07-18-2014, 02:38 PM
E. is taking online Honors Bio through Northwestern U's G&T program. I was going through the course today to get a list of what I needed to get for labs. We are vegetarians, and we as a family have issues with using animals in experiments (no discussion needed on this, please). I have found a way around the goldfish respiration lab, but am having issues with the pH lab.
This lab requires you to blend fresh liver and distilled h2O in a blender, test the pH, then add vinegar, etc., etc.
This will not happen in my house. I understand why the liver is used (it's a buffer), but I can't figure out what if anything can be used as a replacement for it so that he can conduct the experiment.
We will, of course, consult his instructor, but I'd like to have an acceptable alternative prepared ahead of time to present to her.
Anyone? I've googled and searched my own resource books, but I can't find anything.

07-18-2014, 03:02 PM
Is this a lab on testing catalase activity? It's been a long time since I was a bio major, so I wouldn't say I was an "expert"--not by a long shot!--but I know that cruciferous vegetables are a good source of catalase, so if that's what you're testing they might work in substitute?

07-18-2014, 04:52 PM
If it's an enzyme experiment we substituted the liver one for pineapples and jello. Not sure if jello is a no go in your house as well or if there is a vegetarian option for jello.

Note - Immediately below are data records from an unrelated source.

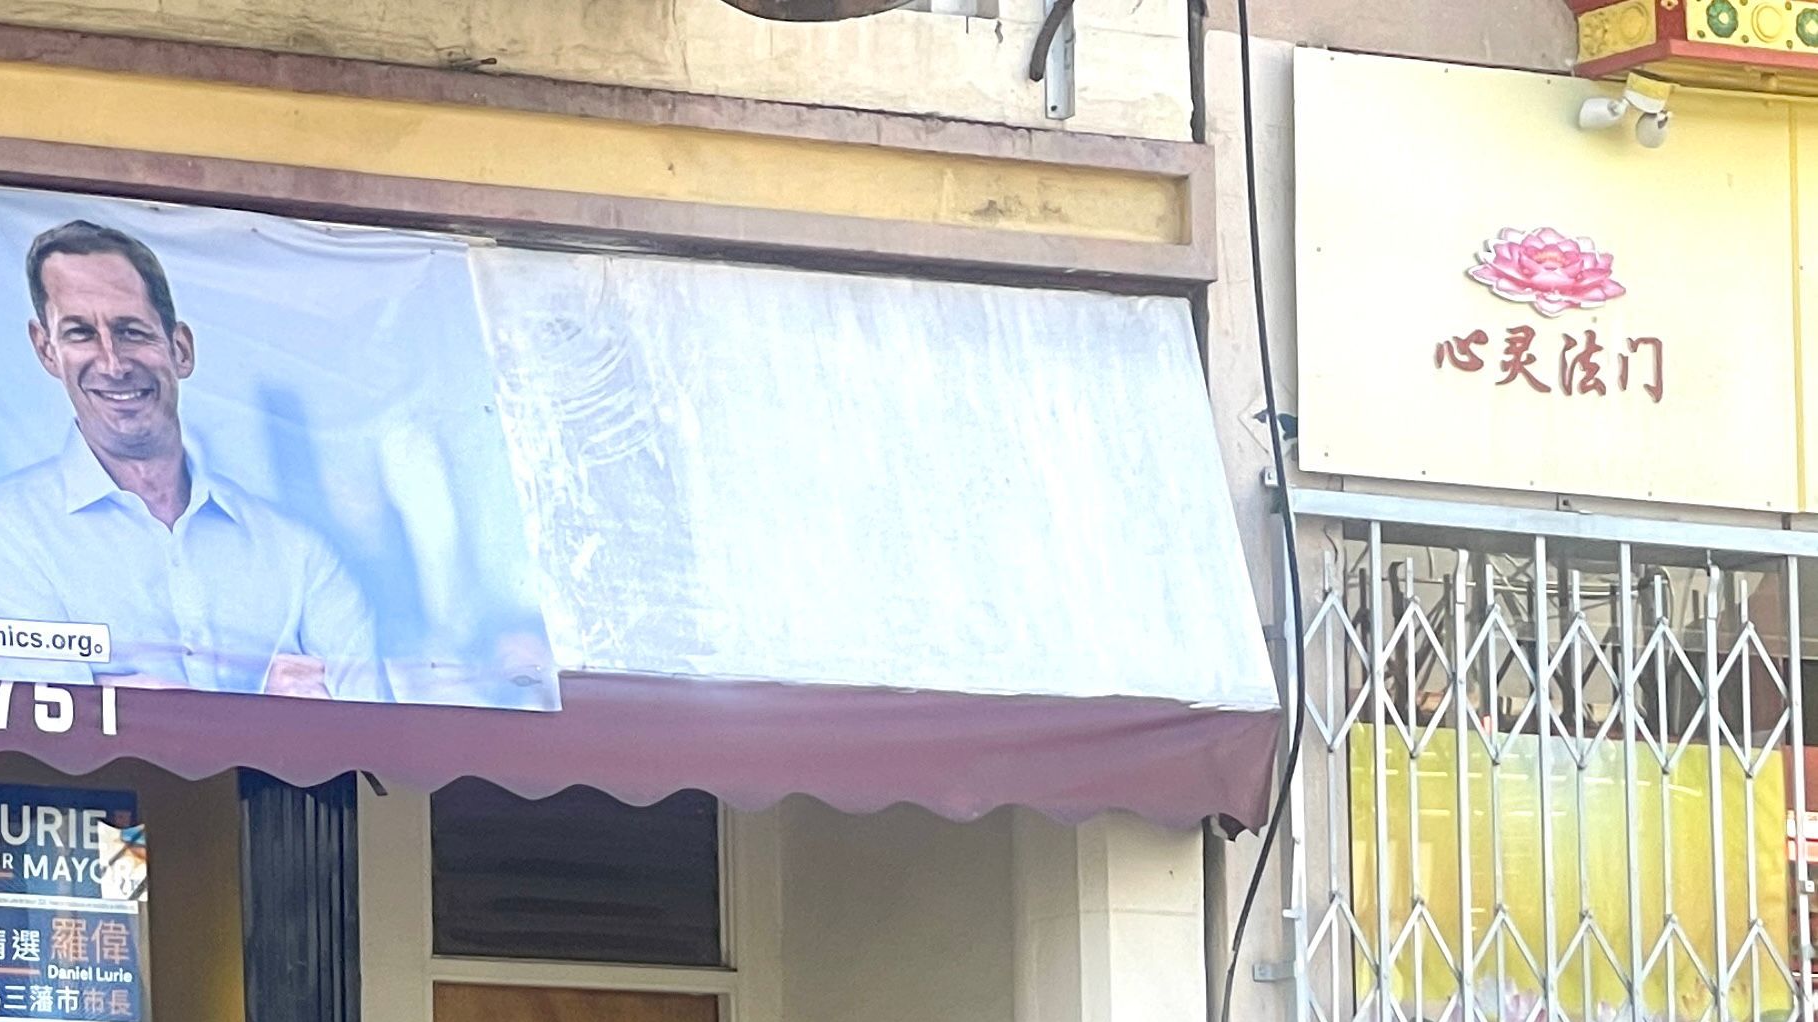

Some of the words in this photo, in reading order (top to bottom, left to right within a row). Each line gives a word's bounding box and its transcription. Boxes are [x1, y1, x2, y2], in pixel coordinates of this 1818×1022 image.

[1434, 324, 1665, 403] 心灵法门
[51, 918, 130, 965] 羅偉
[48, 965, 92, 981] Daniel
[96, 967, 132, 983] Lurie
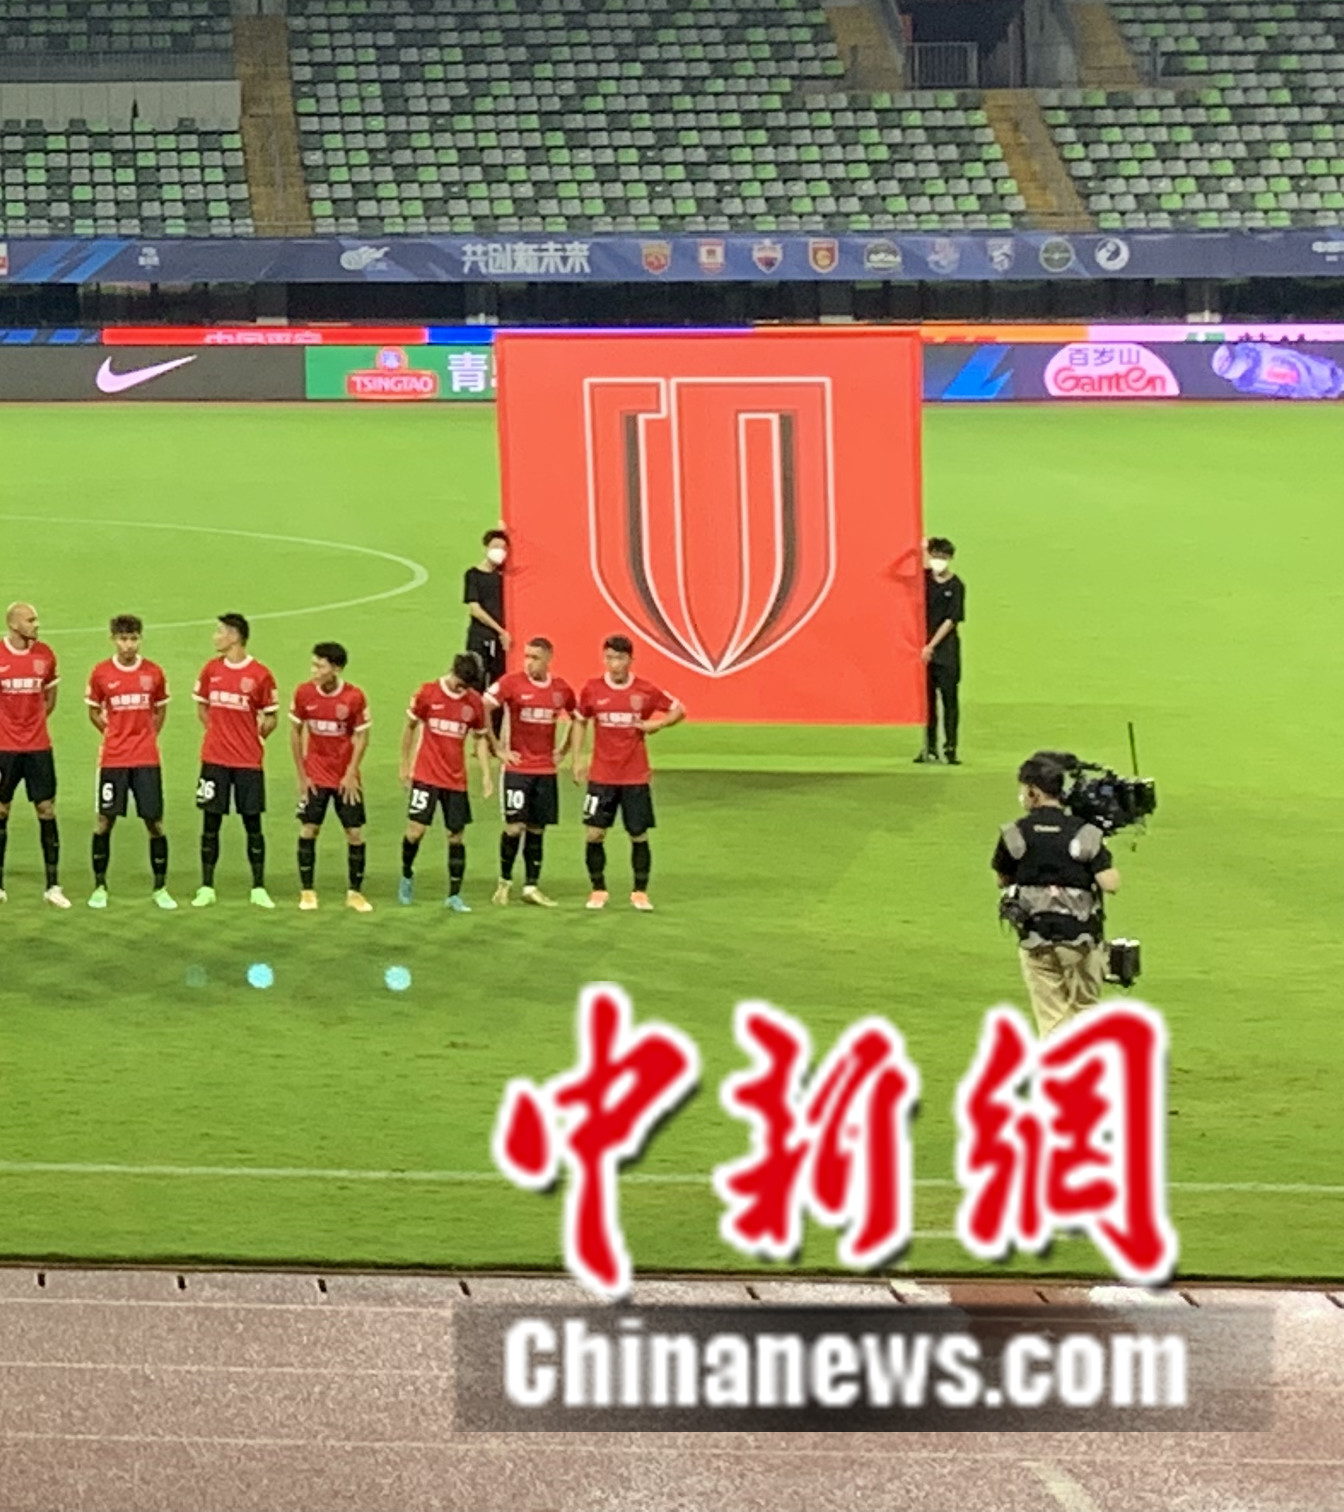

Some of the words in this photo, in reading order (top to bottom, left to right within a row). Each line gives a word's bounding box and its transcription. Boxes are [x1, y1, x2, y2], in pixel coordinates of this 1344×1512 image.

[461, 242, 592, 274] 共创新未来
[1068, 347, 1141, 366] 百岁山
[448, 351, 497, 393] 青
[351, 375, 434, 393] TSINGTAO
[102, 782, 114, 801] 6
[411, 789, 430, 810] 15
[506, 789, 524, 809] 10

There's this virtual lab which may cover the same concepts. I don't know if you have the lab specifics to know whether this are viable substitutions.
McGraw-Hill Virtual Biology Lab (http://www.mhhe.com/biosci/genbio/virtual_labs_2K8/pages/EnzymeControlledReactions.html)

Good luck!

07-20-2014, 07:54 AM
Found this:

If you prefer not to use liver, lower but adequate levels of catalase may be obtained from turnips or even potatoes. To make a crude catalase solution, crush about 25 cubed cm of the turnip or potato in a mortar and pestle with about 20 mL of cold distilled water. Filter the resulting mash through 2 or 3 layers of cheesecloth, squeeze the cheesecloth gently and collect the liquid. Throw the mash and cheesecloth away. Results will show a lower rate of oxygen production with this catalase solution than with the animal liver tissue. If turnips or potatoes are used as a source of catalase, use about 100 grams of the material with 100 mL of cold, distilled water.

07-23-2014, 09:53 AM
Thanks everyone! I finally heard back from his teacher (not the best sign for this class), and she said that we could use potato. She was rather short in the email, but I am giving her the benefit of the doubt with that communication. She didn't indicate how much potato or how to prepare it, so we'll see how that goes when we get closer to the lab. Overall, I'm not impressed with the class so far, but it's early days yet. Biology is E's least favorite of the sciences, and he just wants to get it and Algebra I done so he can move on to more interesting (to him) things.

07-23-2014, 10:42 AM
GM - that sounds like my DS. He wants to do more advanced work but sighs and huffs about having to do the groundwork stuff LOL.